Although their histology is highly variable, dedifferentiated areas often resemble unclassified malignant fibrous histiocytoma (MFH)- like pleomorphic sarcomas or intermediate-to-high grade myxofibrosarcomas. The diagnosis of dedifferentiation in the patient reported here was based on pathologic findings showing myxoid nodules in a prominent myxoid background and imparting a lowgrade myxofibrosarcoma-like dedifferentiated appearance. Welldifferentiated liposarcoma has no potential to metastasis unless it undergoes dedifferentiation. Once dedifferentiation occurs, accelerated deterioration of the clinical course is inevitable [8,9], such as in our case.

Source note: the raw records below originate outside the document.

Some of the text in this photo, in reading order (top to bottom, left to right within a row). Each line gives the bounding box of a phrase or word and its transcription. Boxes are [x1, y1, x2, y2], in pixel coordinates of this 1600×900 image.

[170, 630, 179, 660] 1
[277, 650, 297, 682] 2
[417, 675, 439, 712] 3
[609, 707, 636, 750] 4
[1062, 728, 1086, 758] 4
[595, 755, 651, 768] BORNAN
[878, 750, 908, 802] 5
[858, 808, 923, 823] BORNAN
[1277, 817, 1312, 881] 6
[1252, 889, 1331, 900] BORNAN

The most common site of distant metastasis in liposarcoma is the lung, which is consistent with hematogenous dissemination of a tumor, but development of extrapulmonary metastasis of liposarcoma is common. A retrospective review of 60 liposarcoma patients by Cheng et al. showed that 22 patients had developed metastasis ; 59% of the initial site of metastasis was an isolated extrapulmonary metastasis. Unlike extrapulmonary metastatic liposarcoma, metastatic liposarcoma of the stomach has not yet been reported. A PubMed search of the English medical literature since 1950 shows no case reports for queries combining “metastasis”, “liposarcoma”, and “stomach neoplasms” as search terms .
For the current patient, our histopathological diagnosis was recurrent well-differentiated liposarcoma in the anterior mediastinum and a metastatic stomach liposarcoma. Surgical treatment with or without intraoperative radiation therapy for resectable sarcoma is recommended .

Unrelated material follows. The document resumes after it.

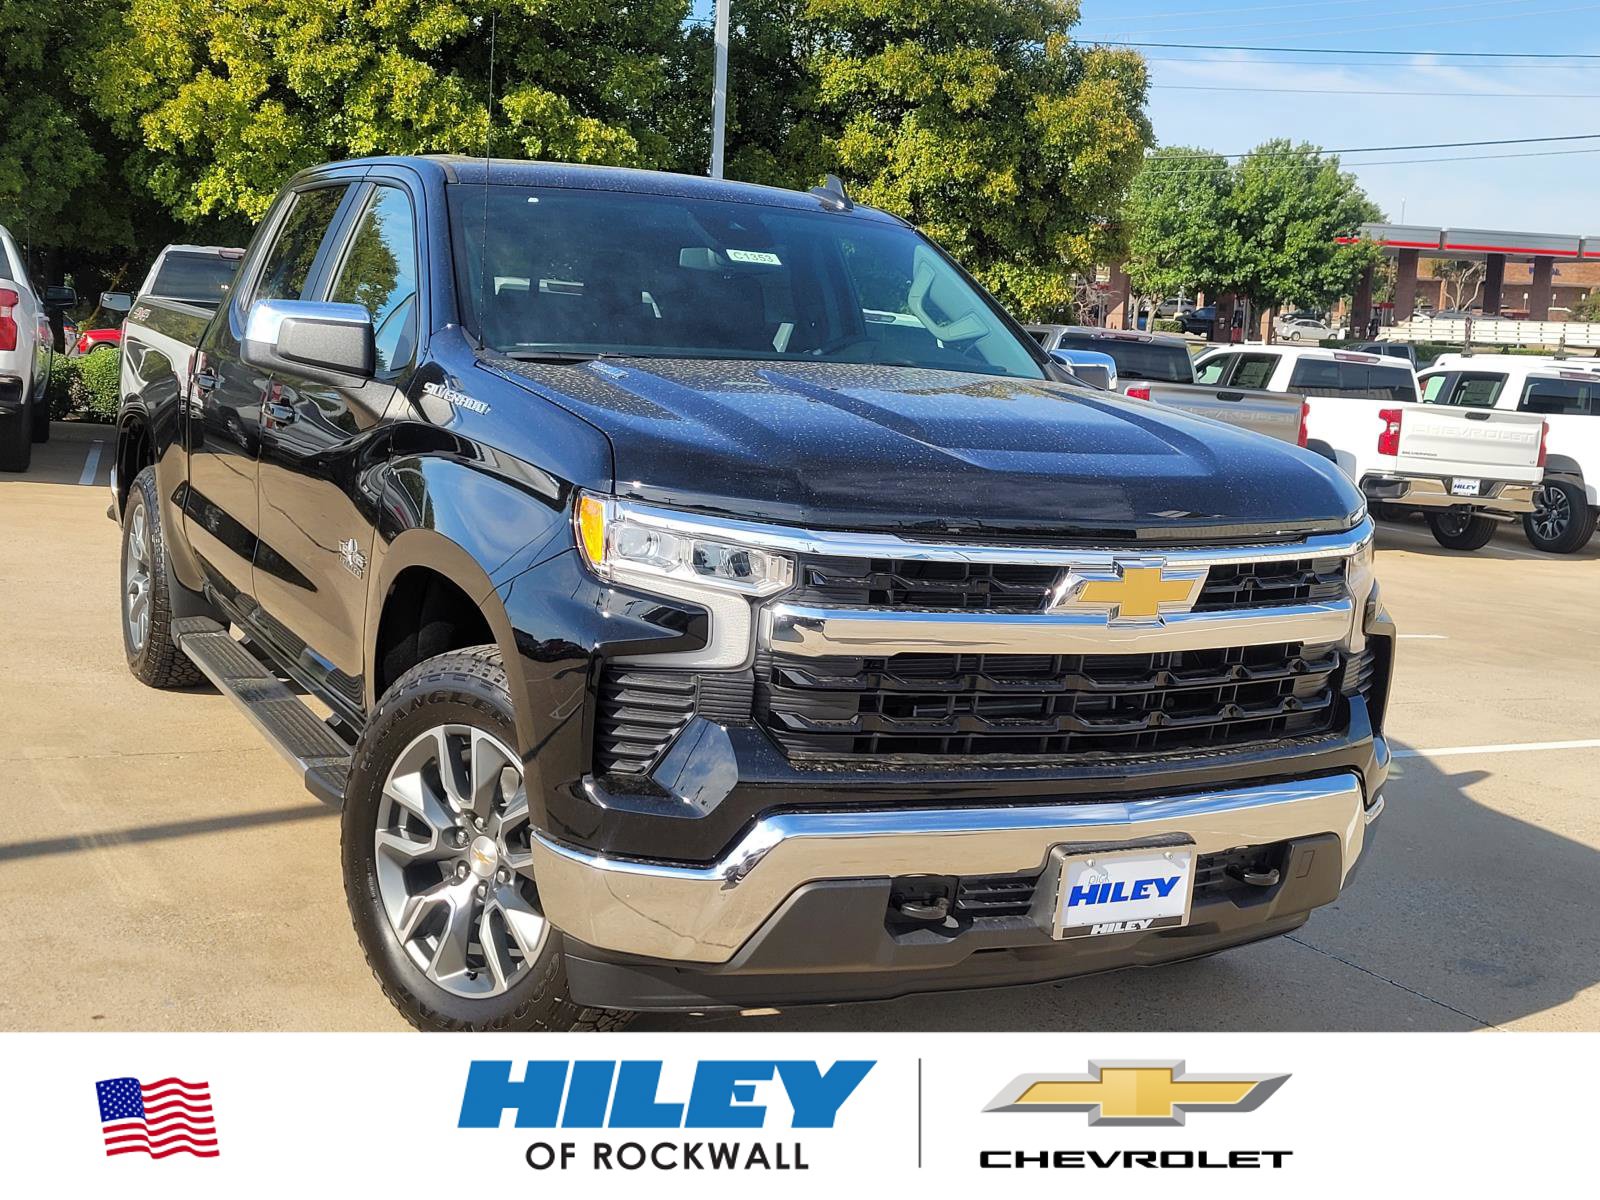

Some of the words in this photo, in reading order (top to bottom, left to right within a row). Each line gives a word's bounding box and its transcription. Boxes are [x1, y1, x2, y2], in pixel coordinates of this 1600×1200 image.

[732, 251, 775, 263] C1353
[422, 382, 491, 415] SILVERADO
[1068, 876, 1182, 907] HILEY
[1090, 918, 1154, 935] HILEY

Surgical margins should be defined by the pathologist. A reresection with a positive surgical margin is strongly recommended if function is not significantly affected. Adjuvant radiation therapy may be considered for a close margin from normal tissue or microscopically positive margin on nerves, major vessels or bones. Postoperative external bean radiotherapy or brachytherapy improved local control, but do not benefit overall survival. Chemotherapy has an established role in the palliative management of metastatic liposarcoma.
The response of liposarcoma to chemotherapy differs according to histological subtype and grade, which found a significant higher response rate in myxoid liposarcoma compared to all other liposarcomas. In contrast to conventional cytotoxic chemotherapies, which are non-specific, the majority of these novel therapies are based on the understanding of disease biology inherent to a given sarcoma histology, in many cases targeting a specific, aberrant genetic, or molecular pathway. For the majority of novel therapies, treatment efficacy is heavily dependent on subtype .

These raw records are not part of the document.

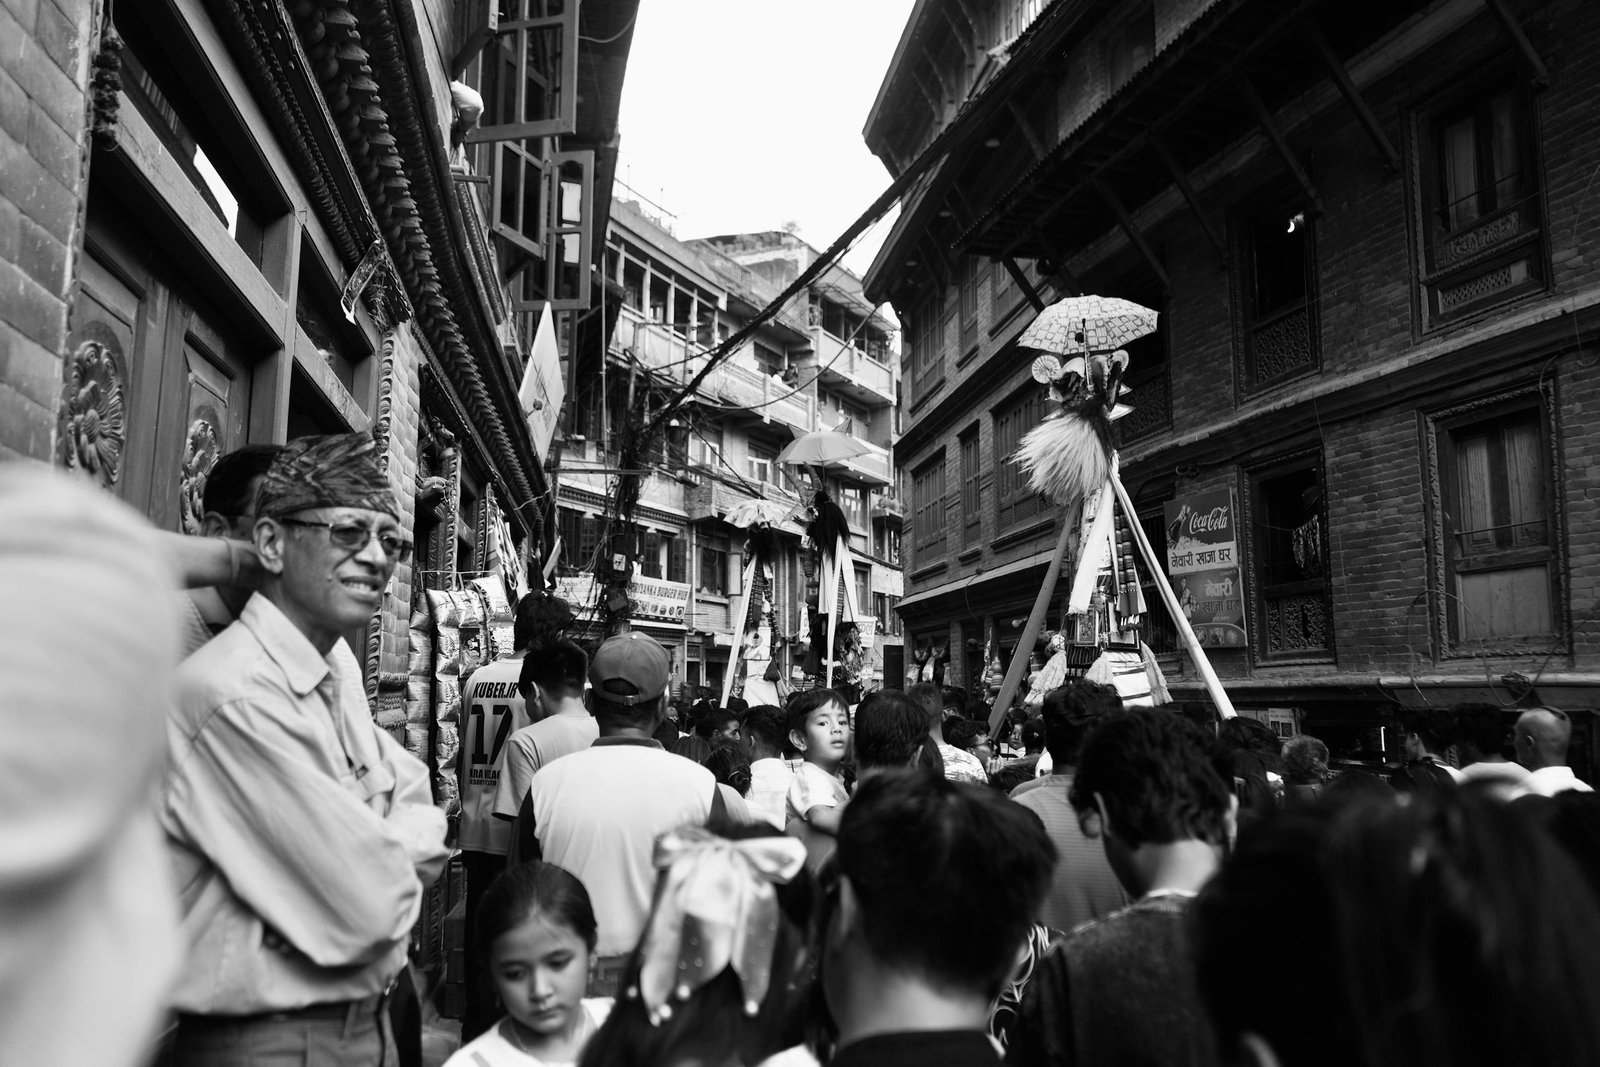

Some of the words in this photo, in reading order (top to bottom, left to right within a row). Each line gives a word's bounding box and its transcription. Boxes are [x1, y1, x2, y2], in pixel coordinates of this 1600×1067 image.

[1190, 506, 1229, 534] Coca-Cola
[1171, 551, 1194, 567] नेवारी
[1195, 550, 1216, 565] खाजा
[1218, 547, 1231, 561] घर
[657, 586, 678, 599] BURGER
[1204, 578, 1233, 597] नेवारी
[470, 704, 514, 766] 17

Patients who undergo complete (macroscopic) or even compartmental resection of the primary tumor have an improved prognosis with a 5-year overall survival of 54– 70% (2, 15), yet 41–50% of these patients will demonstrate locally recurrent disease within 5 years after surgery .
In this case, surgical margins were at least 1 cm from the tumor and histopathological findings showed a recurrent well-differentiated liposarcoma. Because well-differentiated liposarcoma and dedifferentiated liposarcoma respond poorly to systemic chemotherapy, it is essential that novel molecular targets will be identified to provide new possibilities for therapies.
If no microscopic evidence of residual disease is observed, follow-up including physical exams with imaging (abdominal and pelvic CT scans) should be performed every 3-6 months for the initial 2-3 years and then annually.
In conclusion, recurrent mediastinal liposarcoma with gastric metastasis is very rare; attention should be paid to liposarcoma patients with upper gastrointestinal tract bleeding.
This work was supported by an Excellence for Cancer Research Center Grant through funding and the Ministry of Health and Welfare (MOHW104-TDU-B-212-124-003), Taiwan, Republic of China.